- Government levies include luxury and infrastructure taxes
- Passenger vehicles sales expanded at fastest pace in 5 years
India’s automaker association cut its annual sales forecast for a second time in as many months, after the government imposed levies on passenger vehicles and the nation’s highest court extended a ban on registrations of large diesel vehicles in New Delhi.
Deliveries of cars, sport utility vehicles and vans may gain as much as 8 percent for the year started in April, Sugato Sen, deputy director general of the Society of Indian Automobile Manufacturers, said Friday in New Delhi. The group, which counts Maruti Suzuki India Ltd. and Hyundai Motor Co. among its members, last month cut its sales growth forecast by 1 percentage point to 11 percent.

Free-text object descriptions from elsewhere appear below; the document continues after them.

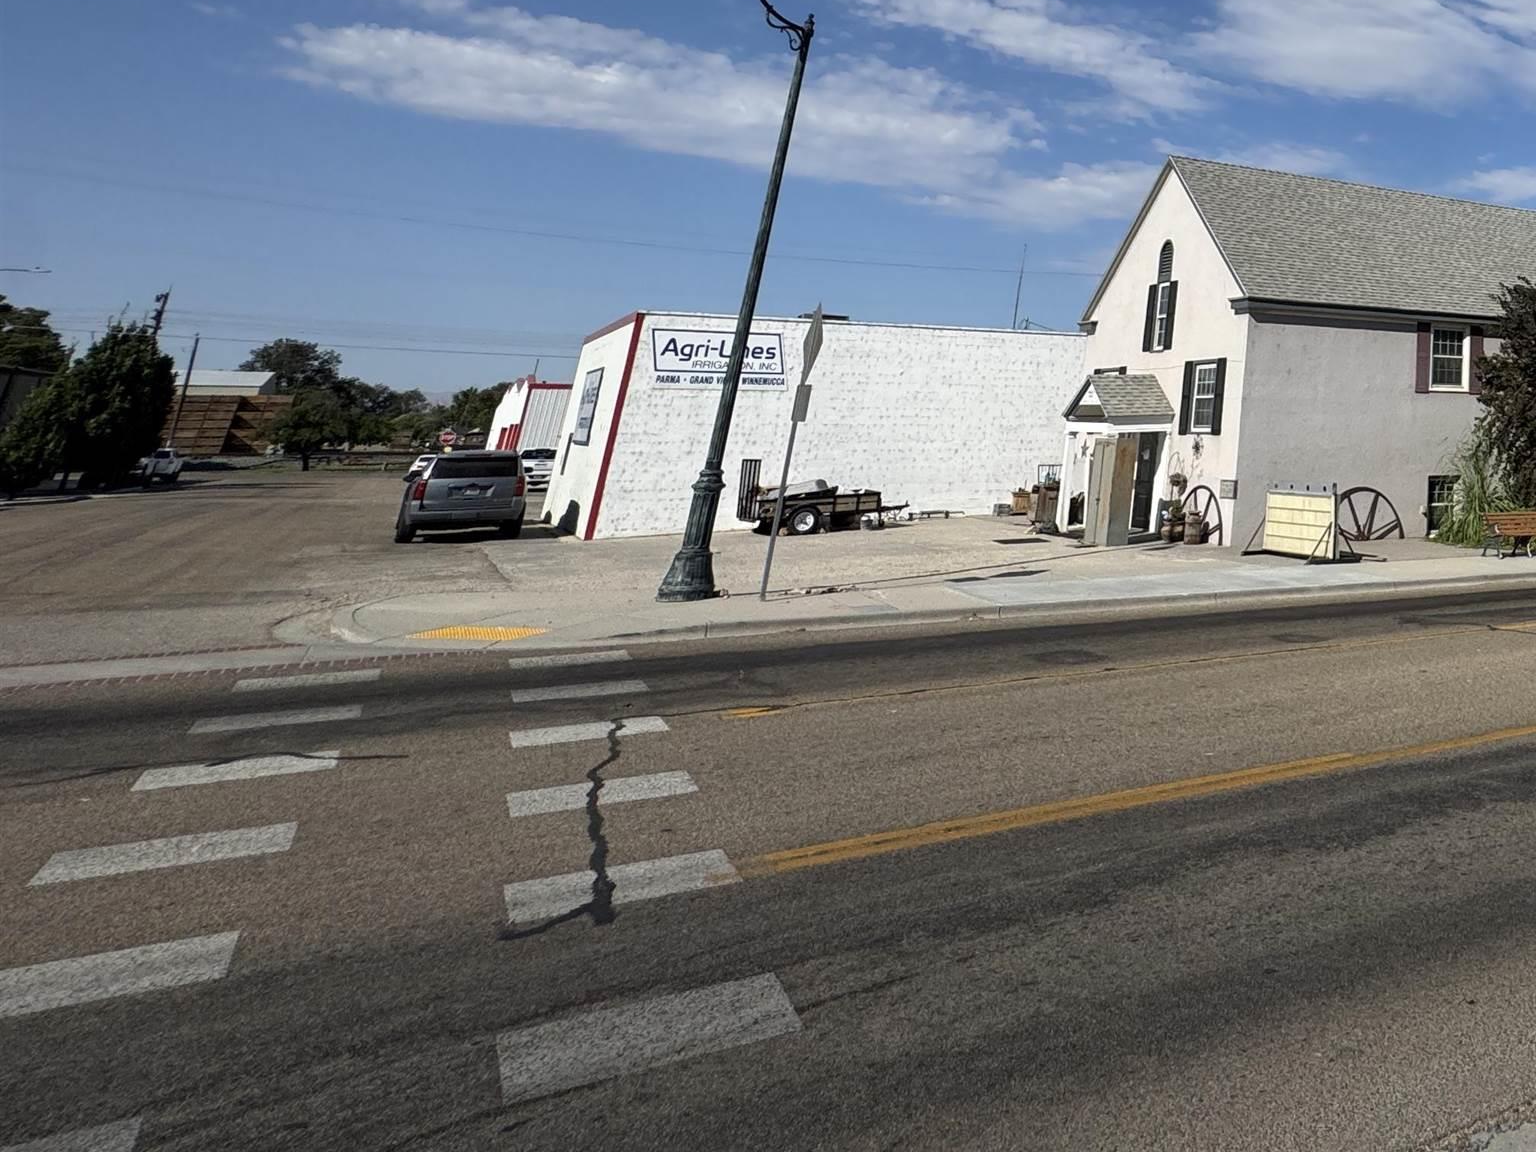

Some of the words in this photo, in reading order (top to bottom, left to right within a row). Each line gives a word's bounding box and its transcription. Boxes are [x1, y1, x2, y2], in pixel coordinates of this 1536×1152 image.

[660, 337, 777, 361] Agri-Lnes
[655, 374, 680, 384] PARMA
[689, 375, 714, 385] GRAND
[741, 377, 785, 386] WINNEMUCCA
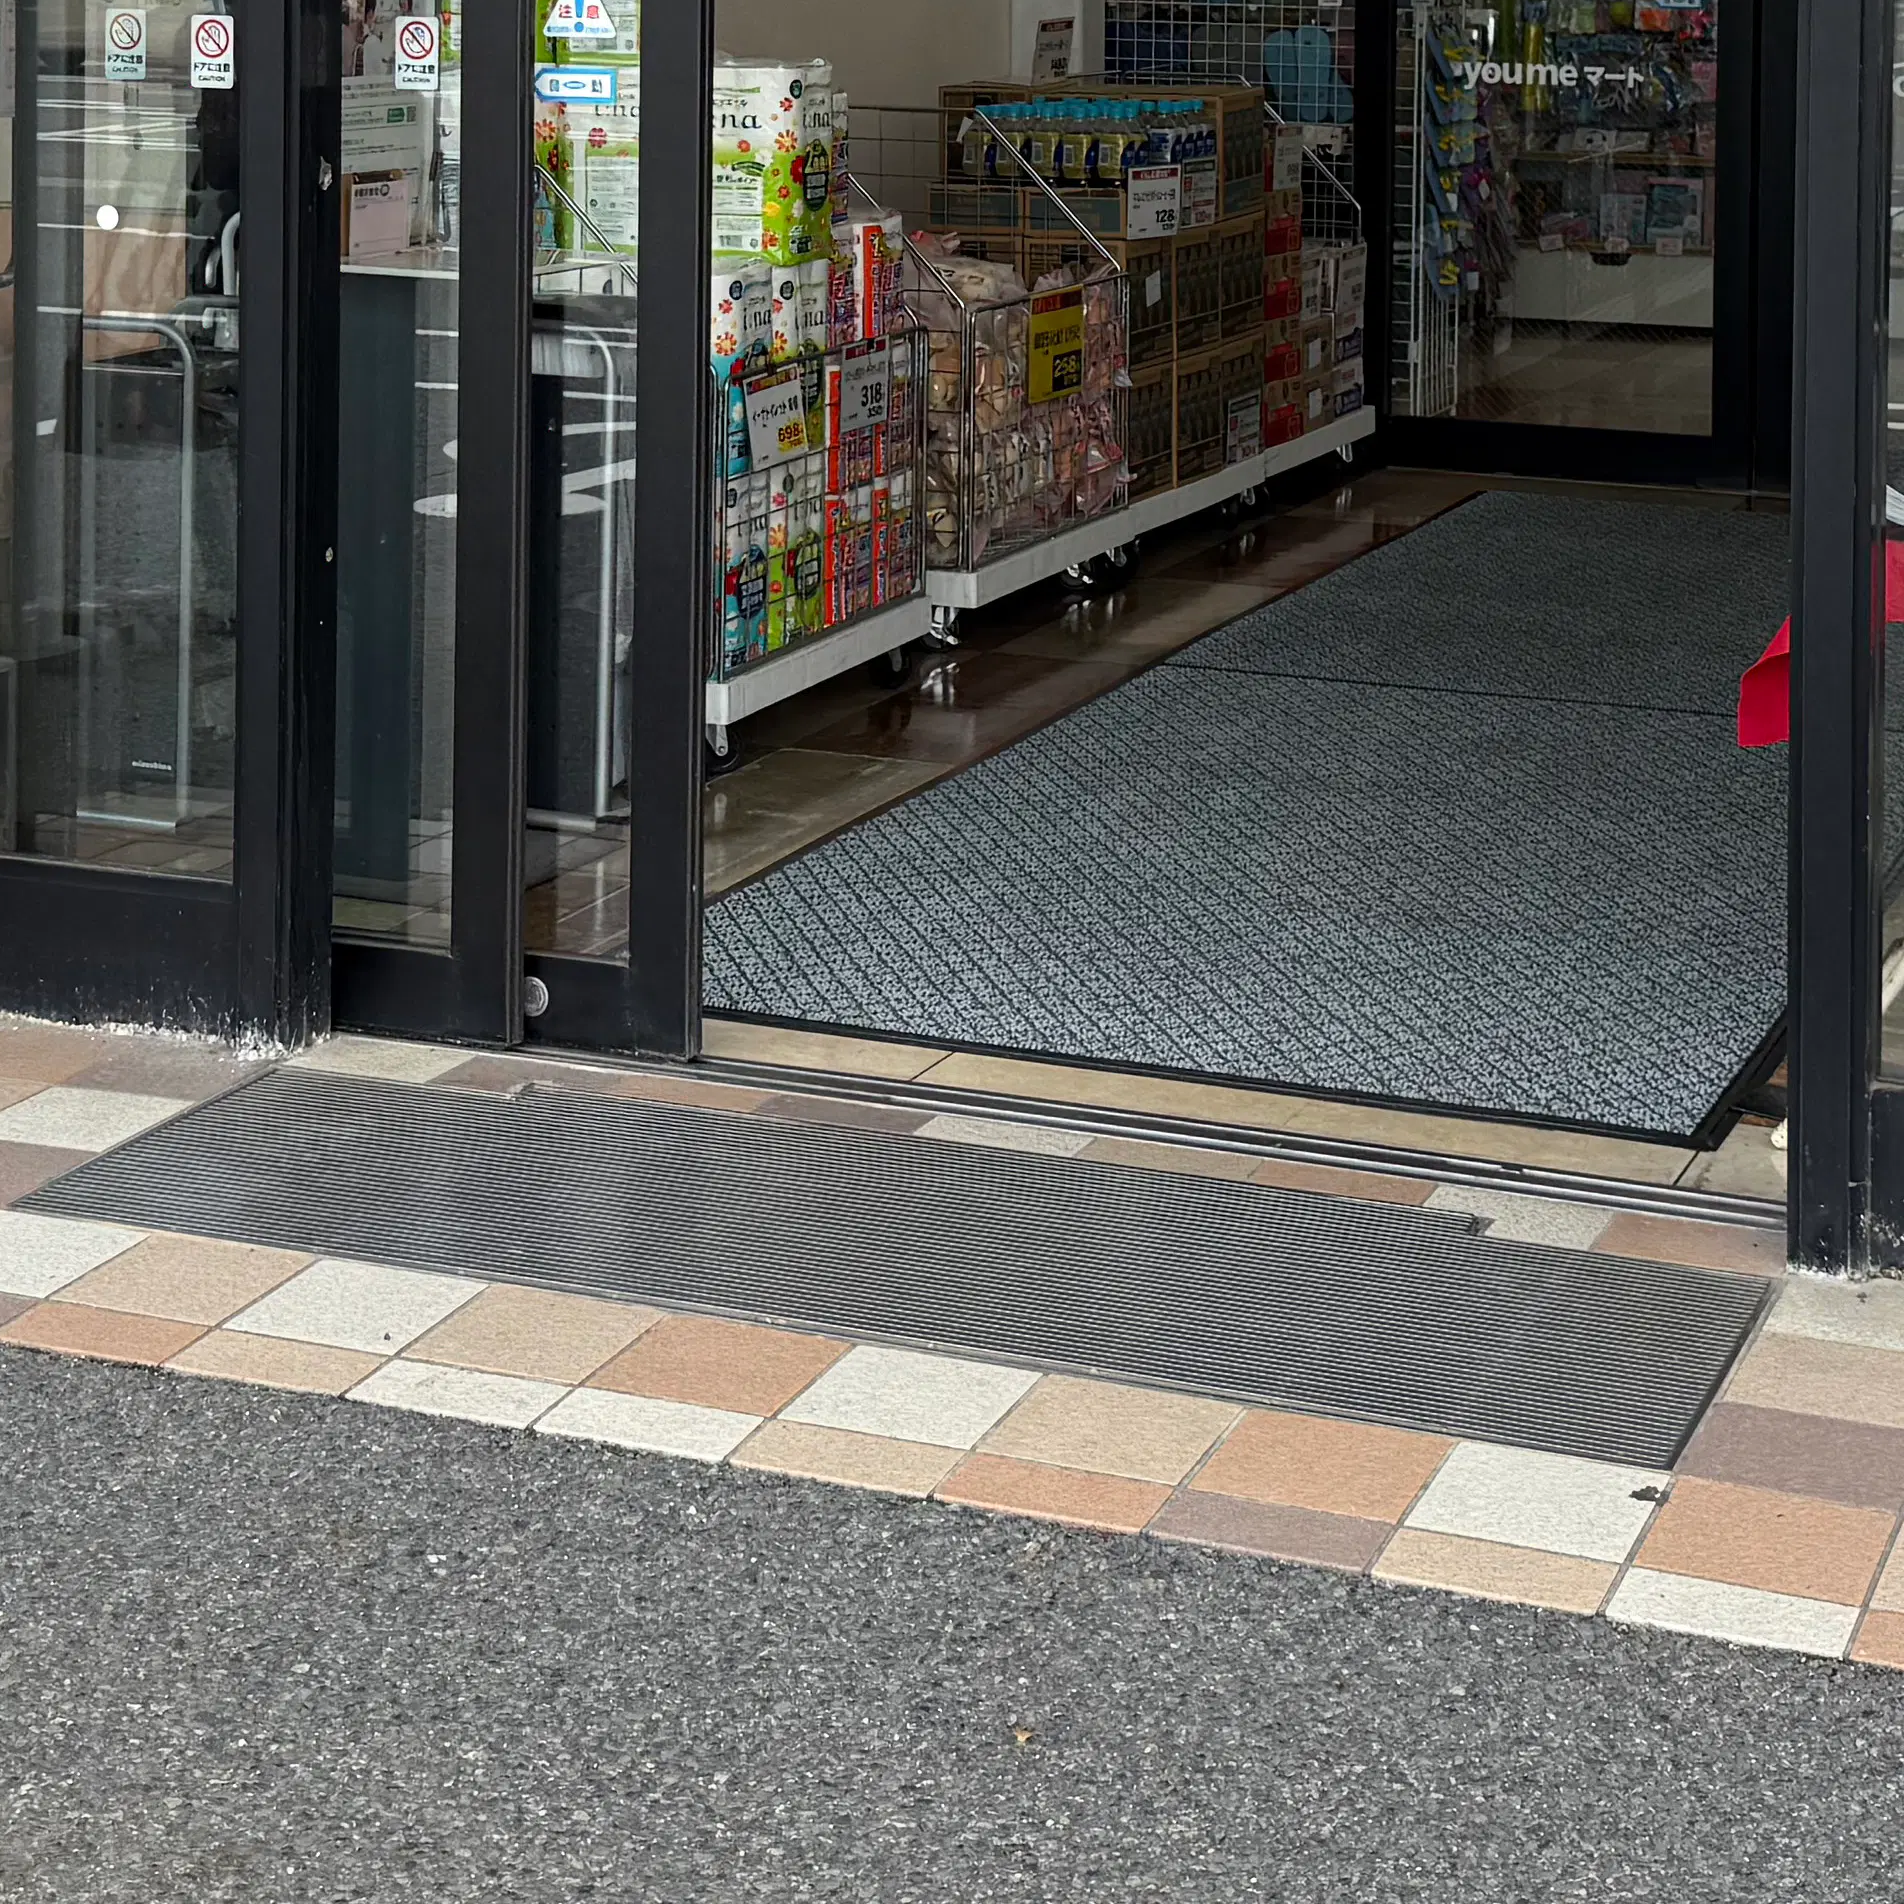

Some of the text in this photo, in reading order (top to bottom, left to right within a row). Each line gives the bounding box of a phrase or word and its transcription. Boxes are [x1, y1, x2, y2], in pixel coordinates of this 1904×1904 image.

Passenger vehicle sales had risen at the fastest pace in five years, gaining 7.2 percent, in the year that ended March as new models by Maruti, Hyundai and Renault SA drew buyers. The government will levy a 1 percent luxury tax on autos that cost more than 1 million rupees ($14,967) as well as an infrastructure tax that varies by engine capacity.
India’s Supreme Court in December banned the registration of diesel vehicles with engine capacity of 2 liters or more in the capital, and extended the moratorium last month. The prohibition has dented sales for automakers including Toyota Motor Corp. and prompted the introduction of gasoline-engine options or smaller diesel engines.